Ein Traum der Welt: Nachtschichten
Annette Hug bleibt wach mit philippinischer Literatur
Jetlag geht auch ohne Flugreisen. Schlafmangel löst einen Anflug von Euphorie aus, wenn ich fünf Nächte lang von drei Uhr früh bis zehn Uhr morgens an einem AutorInnentreffen in Manila teilnehme. Über Livestream und Zoom. In Manila geht das nicht anders, denn die täglichen Infektionen mit dem Coronavirus sind dort auf einem Rekordhoch.
Trotzdem – oder gerade deshalb – scheinen auch TeilnehmerInnen in Manila begeistert, dass sie live einem jungen Autor zuhören können, der markante Geschichten von Catanduanes vorstellt, einer Insel, die er selbst als «Garage der Wirbelstürme» bezeichnet. Dort fahren die Taifune ein, wenn sie vom Pazifik her den philippinischen Archipel erreichen, um dann etwas abgeschwächt zum asiatischen Festland weiterzuziehen. Letztes Jahr wurden auf der Insel Zehntausende von Menschen obdachlos, weil ein besonders starker Wirbelsturm ihre Häuser zerstörte und das Stromnetz für längere Zeit zusammenbrechen liess.

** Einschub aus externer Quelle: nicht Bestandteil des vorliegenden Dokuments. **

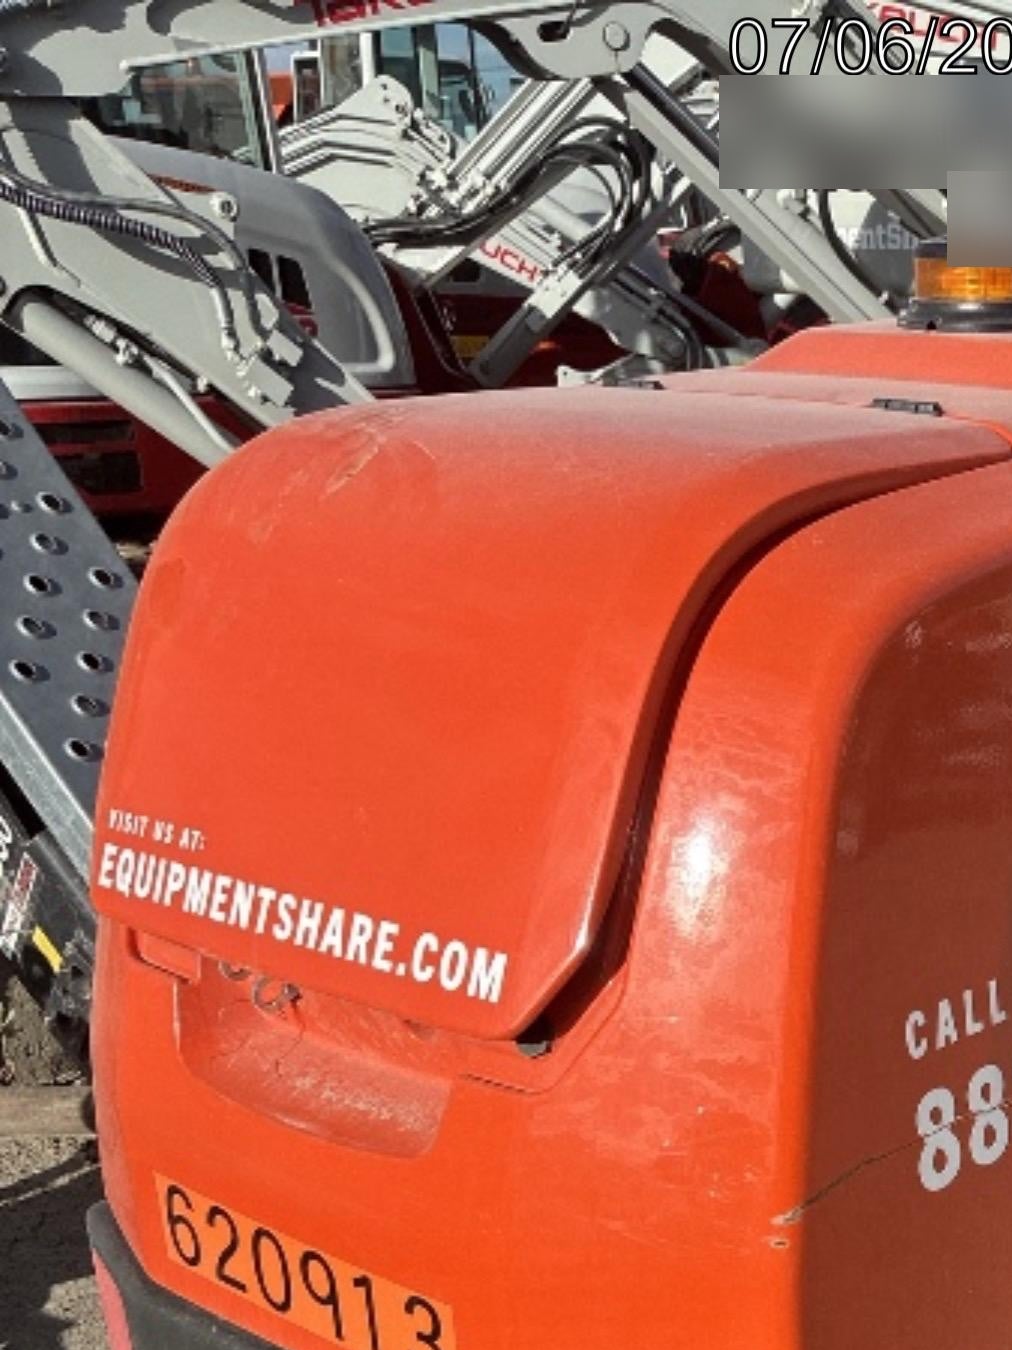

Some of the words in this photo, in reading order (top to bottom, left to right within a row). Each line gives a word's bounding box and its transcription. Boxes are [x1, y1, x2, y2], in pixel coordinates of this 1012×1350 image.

Die OrganisatorInnen des Workshops sind nervös, mein Livebeitrag könnte durch ein vorbereitetes Video ersetzt werden, denn das philippinische Internet ist generell schwach und die Regenzeit beginnt. Aber Napoleon Arcilla III erwischt in Catanduanes einen guten Moment, er kann sich einloggen und davon berichten, wie er sich schon als Jugendlicher gefragt hat, wo das Zentrum des literarischen Lebens liege. Im Hauptort der Insel? In Manila? Und er deutet an, dass er sich auch ganz andere Zentren vorstellen kann.
In den philippinischen sozialen Medien, die das virtuelle Treffen umbranden, wird dieselbe Frage laut wie in europäischen Netzwerken: Verschiebt sich «das Zentrum» nicht ganz generell? Nach dem Desaster des amerikanischen Truppenabzugs in Afghanistan?
Die Freude an den Texten und die konzentrierte Diskussion müssen sich noch gegen andere Schreckensmeldungen behaupten. Ronald Jaramillo Hilario, ein bekannter Künstler, ist diesen Monat am Virus gestorben. Wie viele andere Erkrankte haben ihn mehrere Spitäler abgewiesen. Sauerstoffspenden von FreundInnen konnten ihm eine Intensivstation nicht ersetzen. Die Regierung publiziert gleichzeitig Zahlen, dass die Spitäler nur zur Hälfte ausgelastet seien.
Der Austausch am Bildschirm wird wichtiger und wirklicher als Medienberichte und als der Alltag in Zürich. Ich gewöhne mich an die Mittagspausen beim ersten Tageslicht und an das Abdunkeln des Schlafzimmers, wenn sich draussen gerade die Strassenbeizen füllen. Eine Kurzgeschichte von Maria Amparo N. Warren bringt Wirklichkeiten weiter durcheinander. Sie schreibt von einer Autorin, die zum Geldverdienen das Leben eines Politikers fantastisch ausschmückt. Ihre Texte werden im Internet so platziert, dass Google schlechte Nachrichten über den Mann immer gleich in die Nähe völlig grotesker Geschichten rückt und die Nachrichten damit entkräftet. Die junge Autorin führt ein Doppelleben, um ihren Sohn durchzubringen, bis ihr die eigenen Nachtschichten genauso unheimlich werden wie das Leben des Politikers, das sie ausschmückt.
Meinen Anflug von Euphorie erkläre ich mir damit, dass der Workshop das Vertrauen in literarische Fiktionen und Berichte neu belebt. Und die Hoffnung, dass sich darin Realitäten ablagern, die in der Hektik der Nachrichten nicht auszumachen sind.
Annette Hug ist Autorin in Zürich, in Gedanken oft woanders. Der UP National Writers Workshop ist auf www.panitikan.ph dokumentiert.